Risk Indicators & Red Flags
- Governance: CEO is also Chairman and his father is a director; mitigated by Lead Independent Director and independent committees, but independence optics warrant monitoring .
- Financial performance: Persistent net losses; no PSU milestones achieved as of 12/31/2024 .
- Equity overhang: 13M CEO PSUs plus plan capacity may imply future dilution if milestones are met .
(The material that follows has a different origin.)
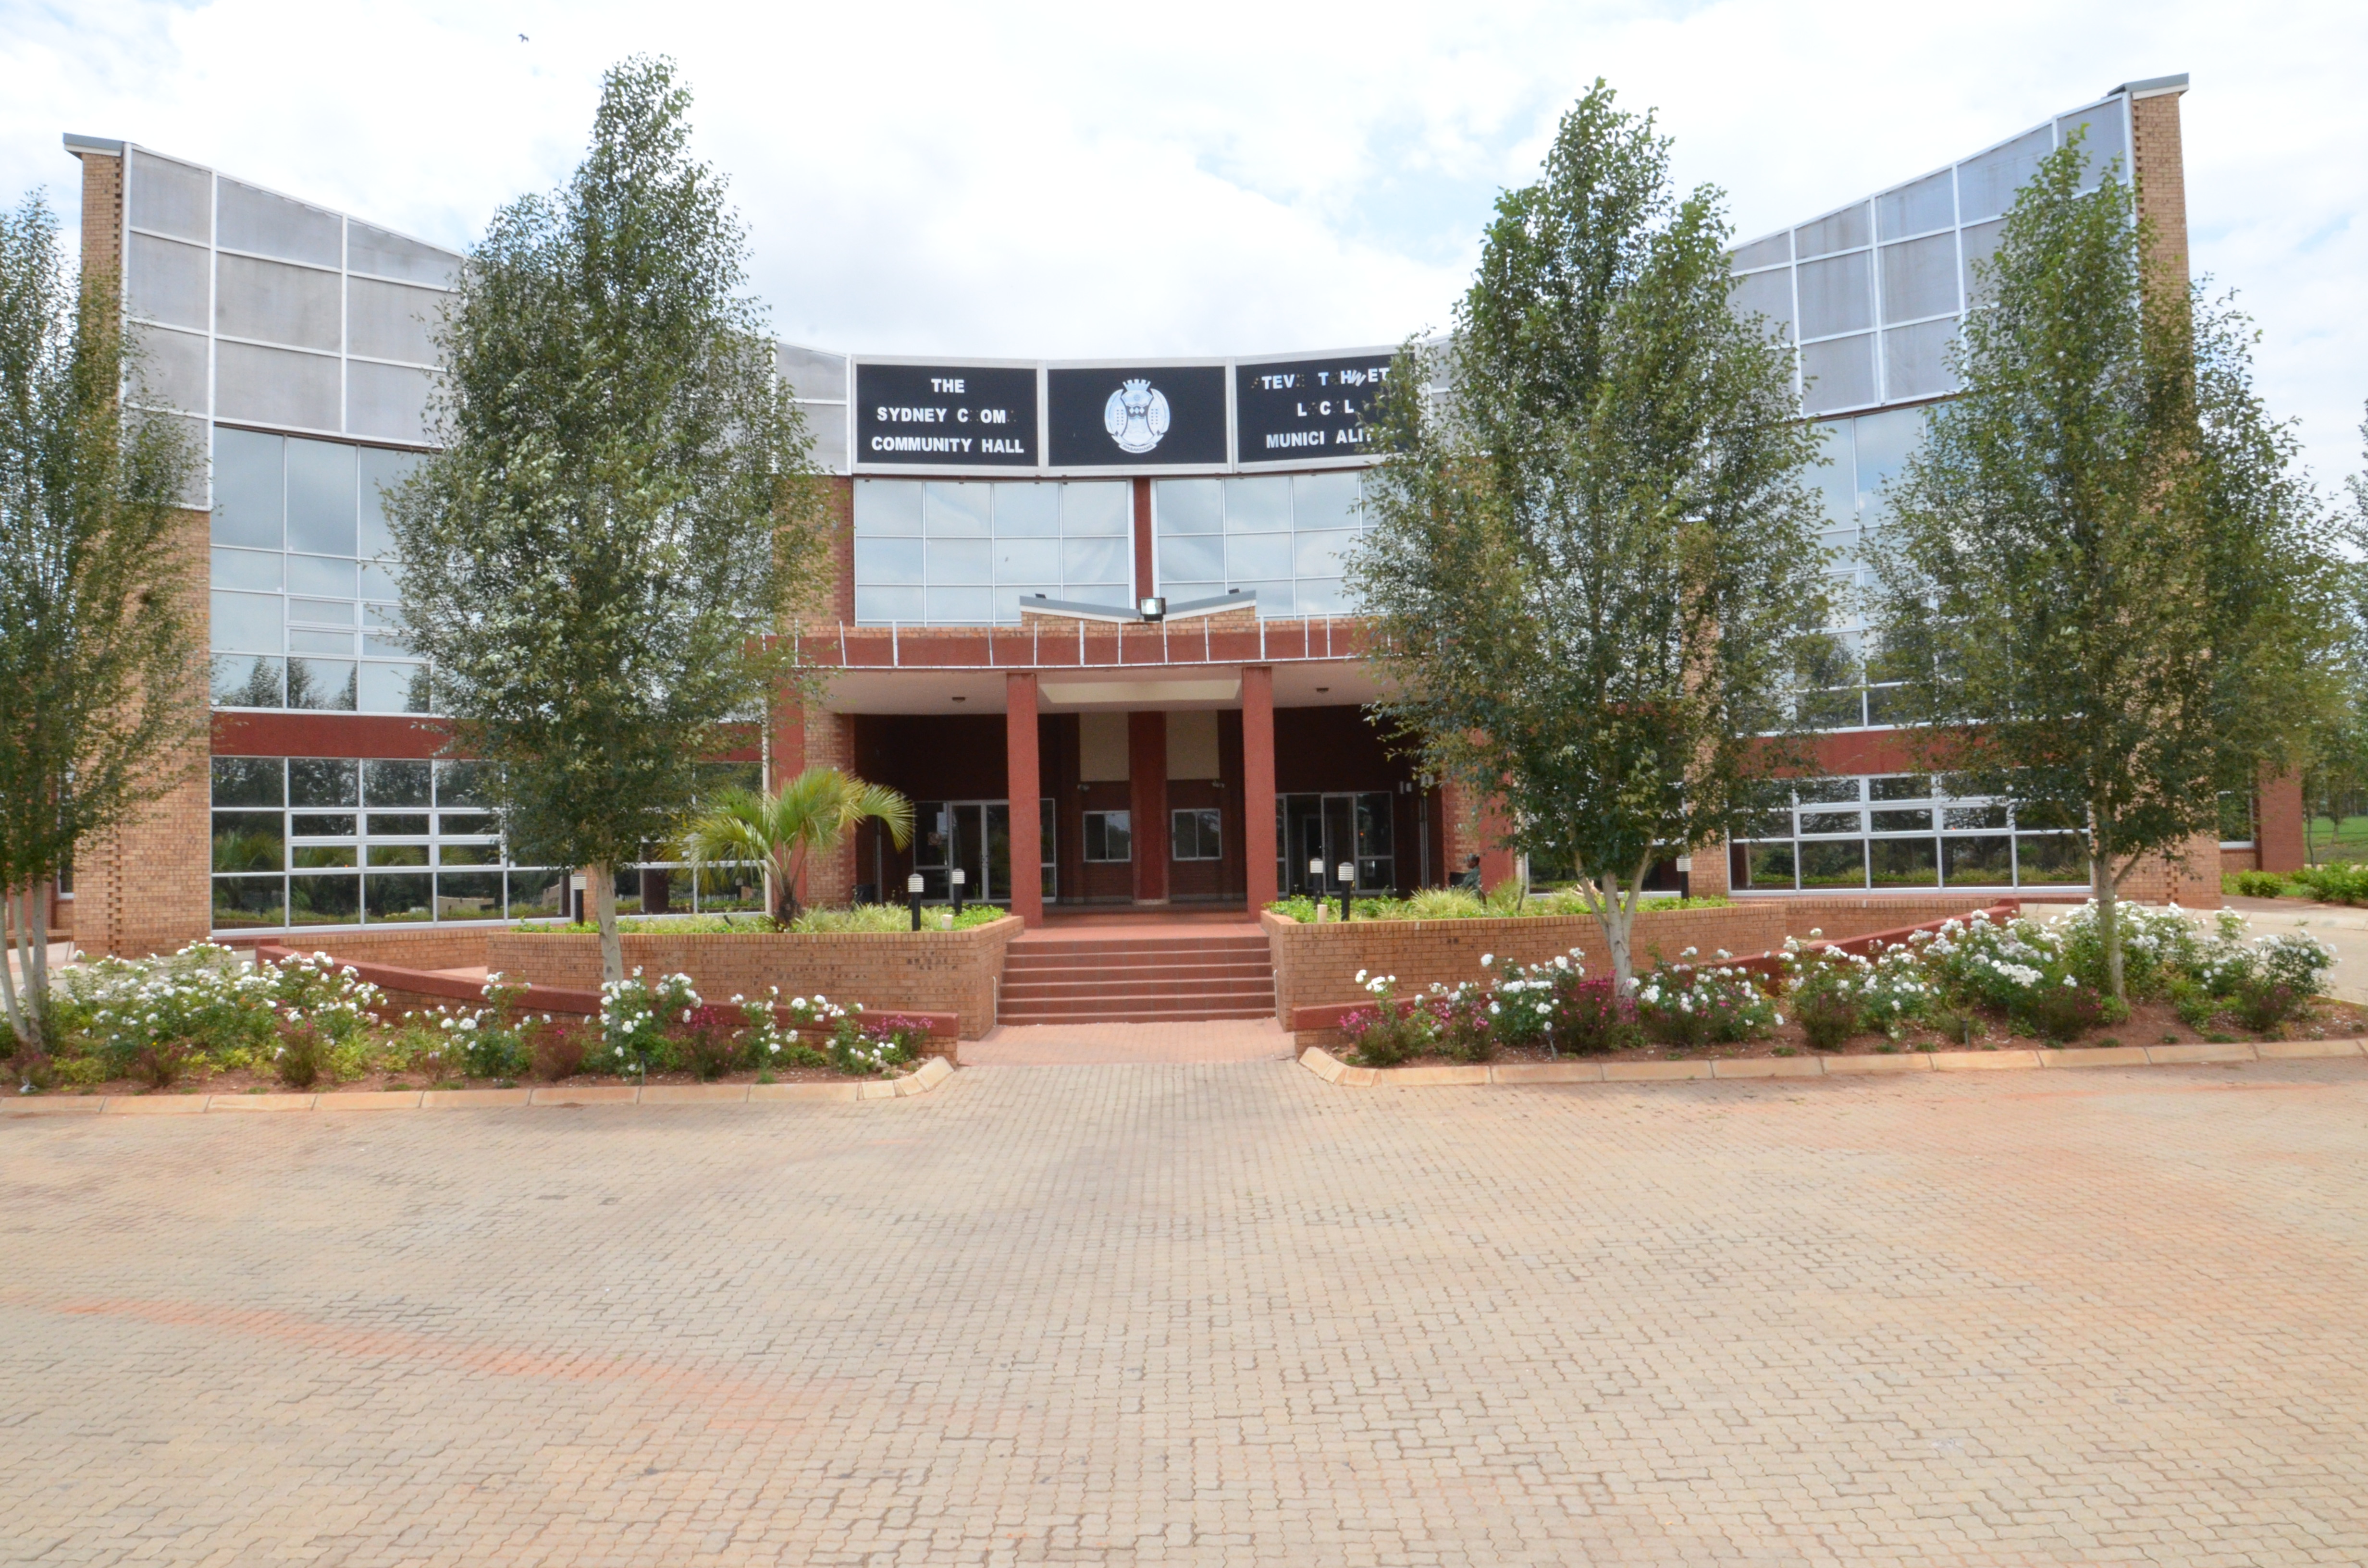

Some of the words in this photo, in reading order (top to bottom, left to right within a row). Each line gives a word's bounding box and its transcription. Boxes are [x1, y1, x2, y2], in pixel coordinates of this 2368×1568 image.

[931, 379, 965, 393] THE
[876, 407, 947, 422] SYDNEY
[871, 436, 972, 452] COMMUNITY
[982, 439, 1024, 453] HALL
- Clawbacks: Strong clawback framework adopted (Dodd-Frank compliant and supplemental policy) .
- Related party: Board reviews related party transactions; no specific transactions disclosed in proxy .
Compensation Peer Group & Say-on-Pay
- Peer group composition and target percentile for CEO pay: Not disclosed; compensation committee references market median generally for non-CEO officers .
- Say-on-pay history and shareholder feedback: Not disclosed in 2024/2025 proxy materials.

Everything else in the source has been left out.